Training Strategy: Parameter-Efficient Fine-Tuning
Rather than full model fine-tuning (expensive, slow, requires massive GPUs), we used LoRA (Low-Rank Adaptation):
Efficiency gains:
- Trains on single RTX 4090 (consumer GPU)
- Requires only 16GB VRAM (4-bit quantization)
- Training time: 4 hours (vs days for full fine-tuning)
- Cost: <$50 in GPU time
Dataset Composition: 10,000 Balanced Samples
We curated a diverse dataset spanning three key OCR domains:
1. LaTeX OCR (3,978 samples)
- Mathematical formulas (printed and handwritten)
- Image-LaTeX pairs: arithmetic, algebra, calculus, linear algebra, probability
- Output format: LaTeX for unambiguous representation
2. Invoice & Receipt Extraction (2,043 samples)
- Structured documents requiring JSON output
- Fields: vendor names, amounts, dates, line items
- Teaches model structured extraction patterns
3. Handwritten Text (3,978 samples)
- Cursive and print writing styles
- Diverse handwriting patterns and document types
- Plain text output
Training Results: 97.6% Loss Reduction
The model achieved 97.6% loss reduction, demonstrating efficient learning across all three document types within a single unified architecture. This metric indicates rapid convergence despite the diversity of tasks.
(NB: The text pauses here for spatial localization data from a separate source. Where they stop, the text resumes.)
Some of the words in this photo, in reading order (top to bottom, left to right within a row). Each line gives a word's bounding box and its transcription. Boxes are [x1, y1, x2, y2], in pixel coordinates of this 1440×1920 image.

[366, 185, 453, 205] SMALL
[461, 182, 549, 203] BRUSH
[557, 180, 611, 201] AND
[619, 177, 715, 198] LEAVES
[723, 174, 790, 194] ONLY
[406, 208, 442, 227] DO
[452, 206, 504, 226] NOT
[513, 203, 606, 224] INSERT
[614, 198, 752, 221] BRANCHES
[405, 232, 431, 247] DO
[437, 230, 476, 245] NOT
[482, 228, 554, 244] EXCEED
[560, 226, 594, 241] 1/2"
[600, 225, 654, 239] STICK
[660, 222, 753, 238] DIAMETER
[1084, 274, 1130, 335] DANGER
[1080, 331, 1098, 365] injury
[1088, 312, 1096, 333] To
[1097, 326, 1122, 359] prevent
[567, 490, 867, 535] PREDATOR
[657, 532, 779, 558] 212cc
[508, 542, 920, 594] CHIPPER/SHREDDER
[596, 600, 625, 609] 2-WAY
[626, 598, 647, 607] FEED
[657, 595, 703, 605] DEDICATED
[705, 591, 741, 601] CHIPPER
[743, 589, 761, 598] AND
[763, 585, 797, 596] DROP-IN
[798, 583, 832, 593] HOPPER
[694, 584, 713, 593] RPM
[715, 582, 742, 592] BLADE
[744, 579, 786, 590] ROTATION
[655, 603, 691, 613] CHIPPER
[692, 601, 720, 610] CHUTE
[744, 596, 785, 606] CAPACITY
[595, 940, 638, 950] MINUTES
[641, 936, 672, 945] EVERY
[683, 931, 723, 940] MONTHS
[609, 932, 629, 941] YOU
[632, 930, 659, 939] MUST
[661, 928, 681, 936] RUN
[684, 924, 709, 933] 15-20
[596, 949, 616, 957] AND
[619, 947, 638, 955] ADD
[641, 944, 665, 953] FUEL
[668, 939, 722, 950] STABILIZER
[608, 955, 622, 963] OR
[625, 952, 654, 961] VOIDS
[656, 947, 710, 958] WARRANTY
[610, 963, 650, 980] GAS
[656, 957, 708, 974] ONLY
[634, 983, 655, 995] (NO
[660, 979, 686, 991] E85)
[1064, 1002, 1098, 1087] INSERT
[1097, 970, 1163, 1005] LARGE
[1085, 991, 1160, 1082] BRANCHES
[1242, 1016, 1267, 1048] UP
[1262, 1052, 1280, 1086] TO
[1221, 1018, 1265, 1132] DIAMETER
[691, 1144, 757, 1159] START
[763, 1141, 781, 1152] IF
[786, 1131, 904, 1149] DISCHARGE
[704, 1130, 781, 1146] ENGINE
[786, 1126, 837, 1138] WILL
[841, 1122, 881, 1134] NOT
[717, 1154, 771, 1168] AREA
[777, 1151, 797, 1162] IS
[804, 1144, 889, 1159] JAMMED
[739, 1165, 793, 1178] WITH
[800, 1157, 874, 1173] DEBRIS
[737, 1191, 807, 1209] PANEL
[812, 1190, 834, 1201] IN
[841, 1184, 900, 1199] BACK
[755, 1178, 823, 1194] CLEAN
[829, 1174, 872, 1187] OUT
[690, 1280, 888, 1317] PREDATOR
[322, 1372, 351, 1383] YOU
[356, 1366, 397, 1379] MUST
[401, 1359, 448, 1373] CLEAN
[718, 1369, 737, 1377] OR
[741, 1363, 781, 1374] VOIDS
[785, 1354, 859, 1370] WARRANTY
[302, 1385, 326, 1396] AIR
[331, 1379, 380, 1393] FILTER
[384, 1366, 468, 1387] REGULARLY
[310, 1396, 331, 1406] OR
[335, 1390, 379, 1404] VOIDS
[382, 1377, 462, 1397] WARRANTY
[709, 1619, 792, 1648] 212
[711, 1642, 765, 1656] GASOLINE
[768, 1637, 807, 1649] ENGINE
Multi-domain capability eliminates the need for separate models:
- Single model handles printed text, handwriting, and mathematical notation
- Reduces deployment complexity and inference costs
- Maintains strong performance across all domains
Deployment: Open-Source and Production-Ready
CernisOCR is available on HuggingFace.
Part 2: Cernis-Thinking - Adding Reasoning with Reinforcement Learning
Beyond Supervised Learning: The Need for Reasoning
While CernisOCR excels at extraction, many complex document tasks require reasoning.
GRPO: Group Relative Policy Optimization
Instead of traditional SFT on example outputs, we used GRPO to teach the model to maximize rewards for correct, well-structured outputs.
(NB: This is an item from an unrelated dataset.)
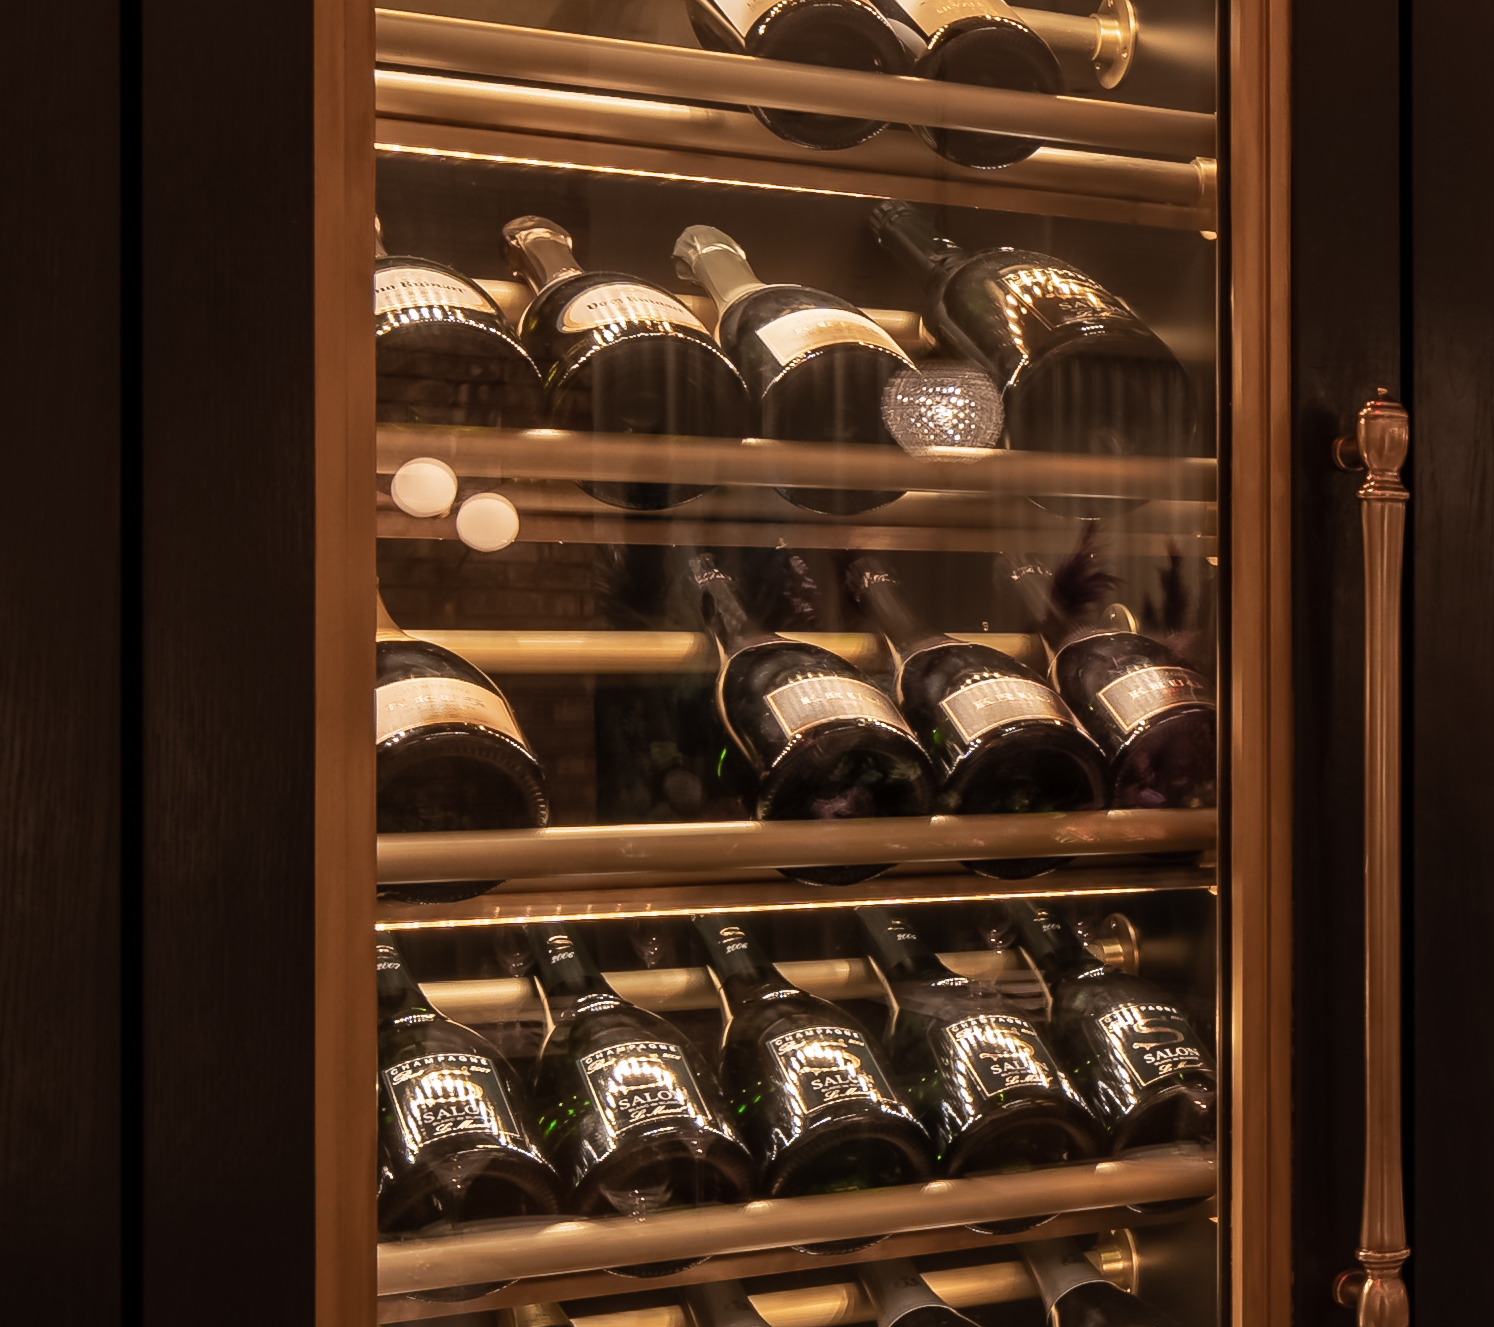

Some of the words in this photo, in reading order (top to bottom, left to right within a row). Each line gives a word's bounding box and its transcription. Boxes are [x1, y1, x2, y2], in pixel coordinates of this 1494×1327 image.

[774, 1028, 859, 1046] CHAMPAGNE
[585, 1043, 678, 1065] CHAMPAGNE
[1144, 1046, 1201, 1065] SALON
[390, 1055, 489, 1076] CHAMPAGNE
The Multi-Component Reward Function

We designed three complementary reward mechanisms:
1. Formatting Rewards
Incentivizes proper structure using <REASONING> and <SOLUTION> tags and penalizes excessive artifacts and malformed output.
2. Task-Specific Correctness Rewards For example, the model is rewarded for exact numeric matching for math problems.
3. ROUGE-Style Word Overlap Applied to OCR tasks to prevent training on gibberish while providing feedback on text-heavy tasks.
What Reasoning Unlocks
Cernis-Thinking demonstrates four primary capabilities:
1. Mathematical Reasoning
<REASONING>
The problem asks for the area of a circle with radius 5cm.
Formula: A = πr²
Substituting r = 5: A = π(5)² = 25π ≈ 78.54 cm²
</REASONING>
<SOLUTION>
78.54 cm²
</SOLUTION>
2. LaTeX Formula Recognition Handles complex notation with structural validation:
- Recognizes nested fractions, integrals, summations
- Validates LaTeX syntax before output
- Checks rendering equivalence
3. Invoice Data Extraction with Verification
<REASONING>
Detected vendor: "Acme Corp"
Line items: $150 + $75 + $200 = $425
Tax (8%): $34
Total should be: $425 + $34 = $459
Document shows: $459 ✓
</REASONING>
<SOLUTION>
{"vendor": "Acme Corp", "subtotal": 425.00, "tax": 34.00, "total": 459.00, "verified": true}
</SOLUTION>
4. Handwritten Text Transcription Uses context to disambiguate ambiguous characters:
- "The year 1999" (not "l999")
- "Total: $100" (not "$l00")
Key Takeaways: SOTA on a Budget
What We Learned
-
Consumer hardware is sufficient for training and deploying SOTA domain-specific models that rival larger general models in performance.
-
Data quality > quantity for RL. We also learned that reward function design matters more than dataset size.
-
Open-source foundations accelerate development. Lastly, we're huge fans of the OSS spirit. Qwen2.5-VL-7B provides a strong vision-language base, while HuggingFace and RL startups like unsloth make training very simple.
What's Next
Tomorrow, we will talk about how we deploy these models in production at scale.
Conclusion
With strategic dataset curation, parameter-efficient fine-tuning, and reinforcement learning, small teams leverage OSS to train state-of-the-art document intelligence models.
The future of document AI is open-source, accessible, and ready to deploy.